Task objective: Return each line of the material verbatim.

Given data:
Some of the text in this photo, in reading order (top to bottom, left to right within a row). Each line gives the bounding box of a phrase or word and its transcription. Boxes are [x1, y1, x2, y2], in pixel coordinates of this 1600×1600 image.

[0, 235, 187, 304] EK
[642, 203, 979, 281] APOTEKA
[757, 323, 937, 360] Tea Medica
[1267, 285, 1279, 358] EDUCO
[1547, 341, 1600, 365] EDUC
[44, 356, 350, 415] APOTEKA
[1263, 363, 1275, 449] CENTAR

Expected answer:
Some of the text in this photo, in reading order (top to bottom, left to right within a row). Each line gives the bounding box of a phrase or word and its transcription. Boxes are [x1, y1, x2, y2], in pixel coordinates of this 1600×1600 image.

[0, 235, 187, 304] EK
[642, 203, 979, 281] APOTEKA
[757, 323, 937, 360] Tea Medica
[1267, 285, 1279, 358] EDUCO
[1547, 341, 1600, 365] EDUC
[44, 356, 350, 415] APOTEKA
[1263, 363, 1275, 449] CENTAR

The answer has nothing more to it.